I will sing a young man’s song
That you would sing
On Remembrance day
I will be the sacrifice
And bells will ring
On Remembrance Day
One hundred years ago on the 11th November 1914, 777 mostly men from the British Empire died, bringing the Empire’s total to 27636, killed or in other ways died because of the Great War up until the 12th November 1914, . It was just another day in the trenches. Not that you would know this by looking at the media or reading social media. There is the now being dismantled display of ceramic poppies at the Tower of London. an incredible art work I had the good fortune of seeing. It caught the public’s imagination. Each poppy represents one of the Empire’s war dead in, or directly attributable to that horrendous war. One hundred years ago over 850.000 of those service people had something in common with you and me, They were alive. The poppies at the Tower were not a tribute to the dead, they were a salute to those who were going to die Most died brutal deaths and in various degrees of agony.
Remembrance Day/Sunday/Armistice Day is now about more than the Great War. Since 1918 the UK has fought wars against the Abdo, Afghans, Argentinians, Chinese, Chinese-Malayans, Egyptians, Germans, Indonesians, Irish, Iraqi’s Israelis, Italians, Japanese, Libyans, Mau Mau, North Koreans, Russians, Slavs Viet Cong, Vietnamese, and others. The UK has fought wars in Aden, Belgium, Cyrenaica, France, Malaya, Sierra Leone. all over the world places Thomas Cook has yet to venture. We even invaded Anguilla. War not football is our national pastime. That is not remembered. Most of it is not remembered. No-one is told to remember them. We were not there. Great Uncle Tommy who died in these wars is not remembered because we did not know him. We are told who to remember. Told about our relatives who died in the Great War, we do not at the going down of the sun remember them. We are told who to commemorate, and what to say.
Now we are told to remember “Fritz”. He walked the same earth, breathed the same air. So did Anne Frank and Adolf Hitler. We are not equal in death, only equally dead. We are also told to remember those driven mad by war, the insane, the wounded, the blinded, the half dead. The widows those who wished they had died. The parents the sons and the daughters. We should remember them, but not on Remembrance Sunday. Remembrance Sunday is when we remember our war dead. Two minutes, that is all, one day a year, just for our dead, That is what Remembrance Sunday is for. Not for those of other countries, not for the wounded, the widowed, or the insane.
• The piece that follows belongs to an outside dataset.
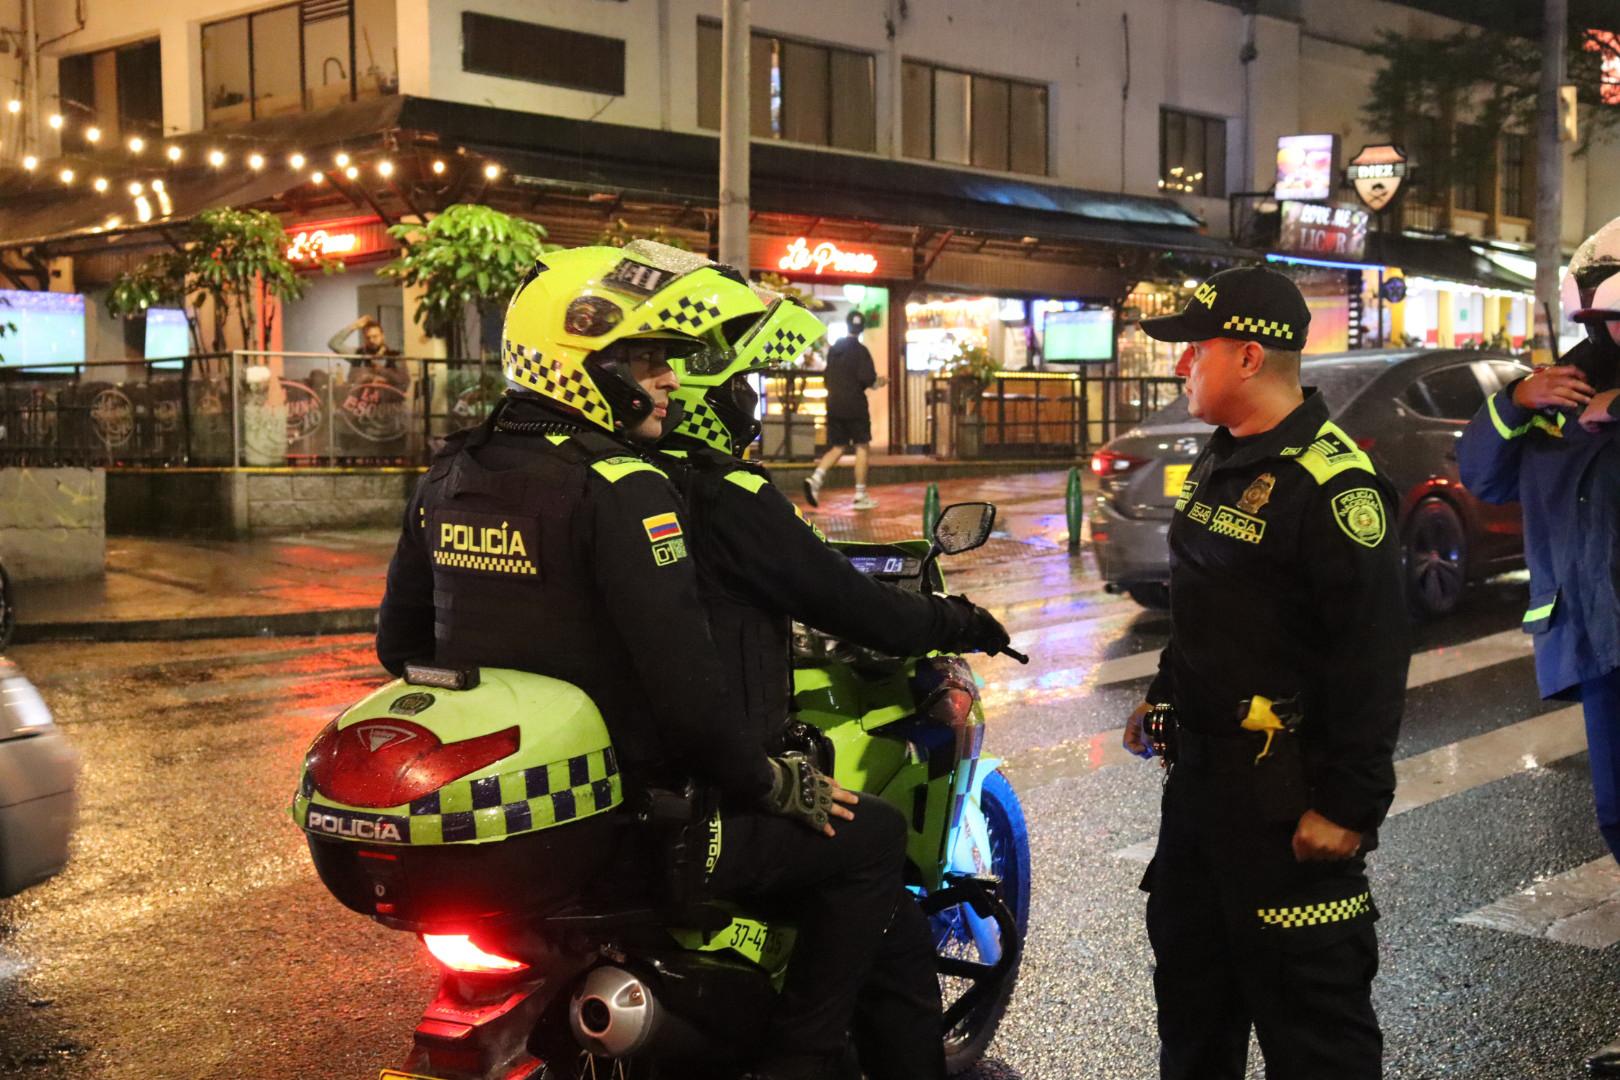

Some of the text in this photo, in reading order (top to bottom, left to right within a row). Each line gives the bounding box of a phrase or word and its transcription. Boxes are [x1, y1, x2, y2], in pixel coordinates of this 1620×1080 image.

It is not that I dislike Remembrance Sunday, I do, it is just that I rarely get the chance to use the phrase “Sanctimonious Twoddle”. This year that is exactly what it has become. Wars are horrible bloody affairs, People are gassed, starved, burnt, shot, bludgeoned, and countless other ways killed in them, by them, or die because of them. Until we are terrified of them and we teach our children the horrors of war we are condemned to repeat them, and have more dead to remember.